**Exercise data:**
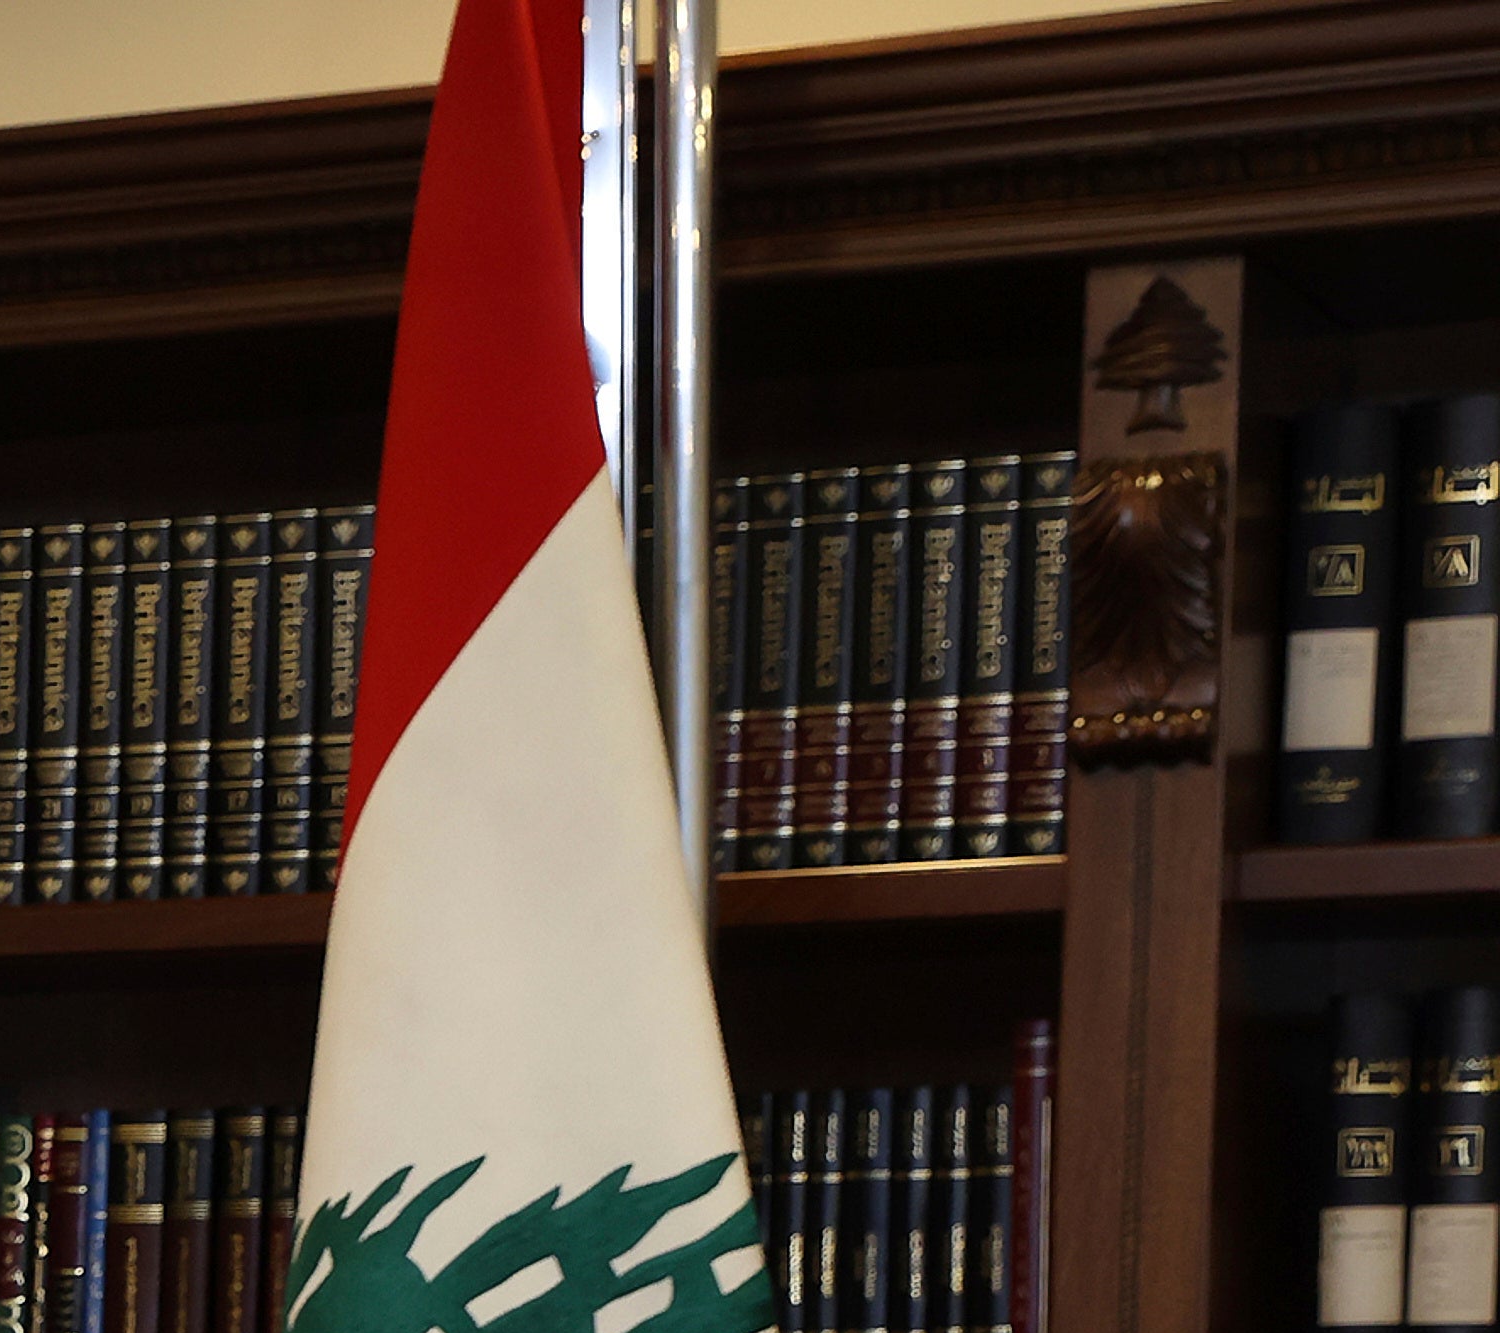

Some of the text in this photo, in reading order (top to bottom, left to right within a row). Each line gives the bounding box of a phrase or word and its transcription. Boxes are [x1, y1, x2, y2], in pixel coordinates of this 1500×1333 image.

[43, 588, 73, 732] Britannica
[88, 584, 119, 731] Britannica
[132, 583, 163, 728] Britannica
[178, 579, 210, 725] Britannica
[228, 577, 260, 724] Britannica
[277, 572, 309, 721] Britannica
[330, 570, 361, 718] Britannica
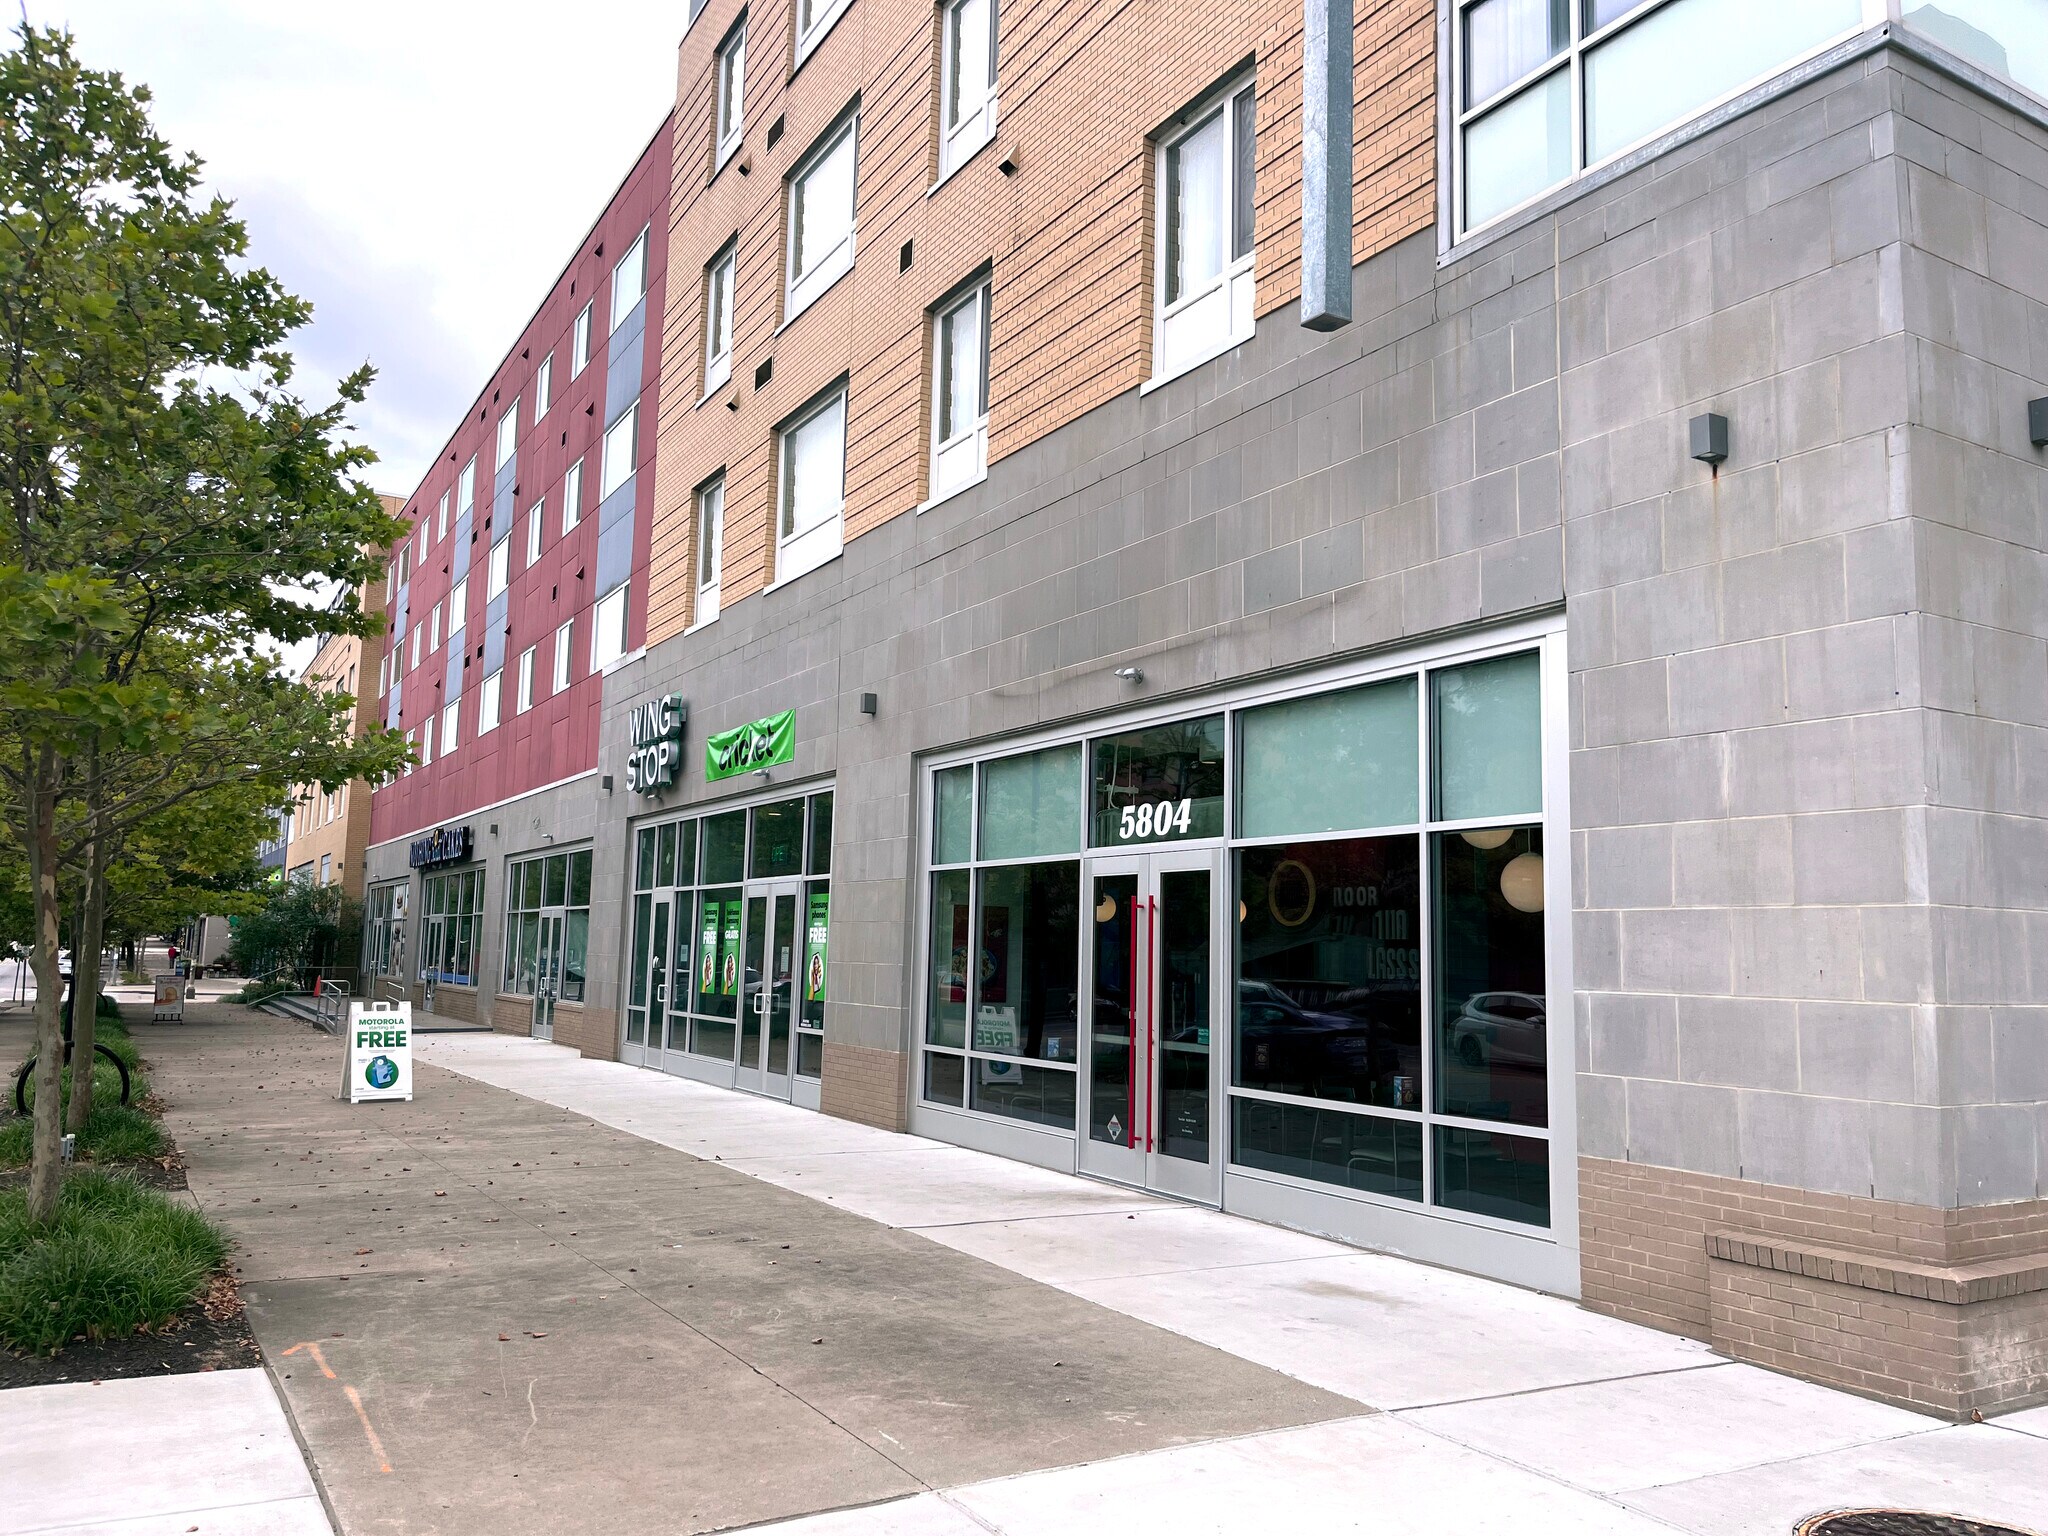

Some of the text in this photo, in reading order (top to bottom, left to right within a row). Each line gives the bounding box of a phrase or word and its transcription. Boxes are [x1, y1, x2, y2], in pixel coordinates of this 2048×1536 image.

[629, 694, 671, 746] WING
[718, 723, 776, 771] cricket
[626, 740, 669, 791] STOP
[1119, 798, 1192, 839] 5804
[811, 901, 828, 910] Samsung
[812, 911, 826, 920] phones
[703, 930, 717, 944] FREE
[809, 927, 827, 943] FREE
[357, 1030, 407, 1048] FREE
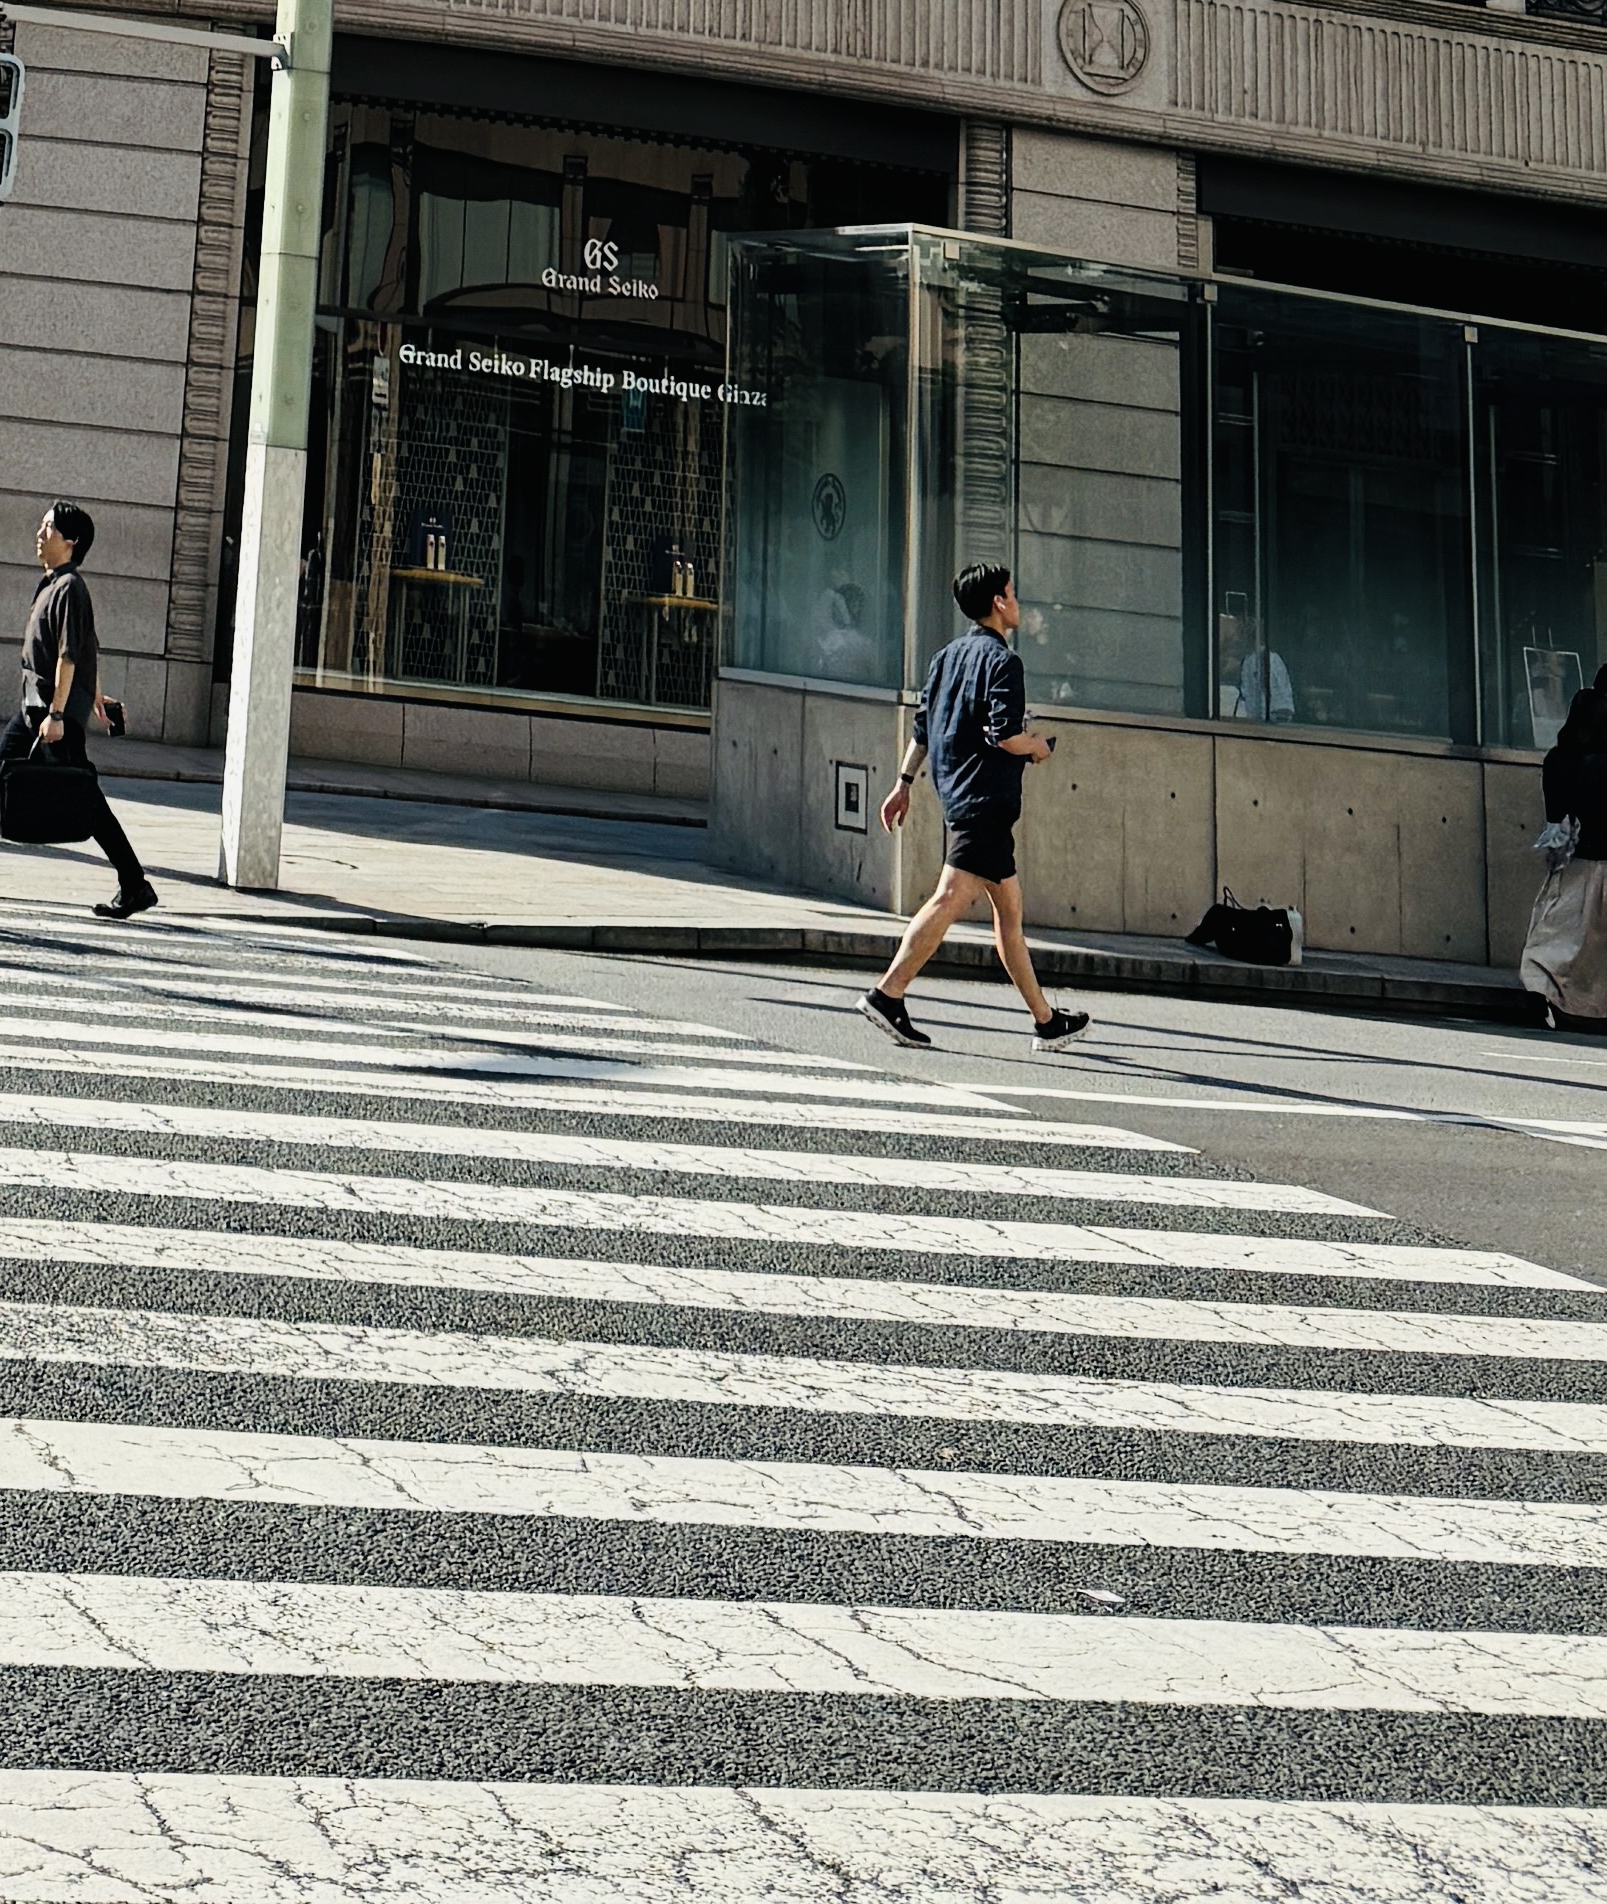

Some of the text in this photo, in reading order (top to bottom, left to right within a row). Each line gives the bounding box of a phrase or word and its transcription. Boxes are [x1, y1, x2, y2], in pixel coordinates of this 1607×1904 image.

**What you have to do:** Transcribe the whole listing above exactly and leave out the pictures.

**Your response:**
Some of the text in this photo, in reading order (top to bottom, left to right within a row). Each line gives the bounding box of a phrase or word and its transcription. Boxes are [x1, y1, x2, y2], in pixel coordinates of this 1500×1333 image.

[43, 588, 73, 732] Britannica
[88, 584, 119, 731] Britannica
[132, 583, 163, 728] Britannica
[178, 579, 210, 725] Britannica
[228, 577, 260, 724] Britannica
[277, 572, 309, 721] Britannica
[330, 570, 361, 718] Britannica

Some of the text in this photo, in reading order (top to bottom, left to right within a row). Each line gives the bounding box of a phrase or word and its transcription. Boxes are [x1, y1, x2, y2], in pixel coordinates of this 2048×1536 image.

[629, 694, 671, 746] WING
[718, 723, 776, 771] cricket
[626, 740, 669, 791] STOP
[1119, 798, 1192, 839] 5804
[811, 901, 828, 910] Samsung
[812, 911, 826, 920] phones
[703, 930, 717, 944] FREE
[809, 927, 827, 943] FREE
[357, 1030, 407, 1048] FREE

Some of the text in this photo, in reading order (top to bottom, left to right within a row). Each line gives the bounding box of a phrase or word and its transcription. Boxes are [x1, y1, x2, y2], in pixel coordinates of this 1607×1904 image.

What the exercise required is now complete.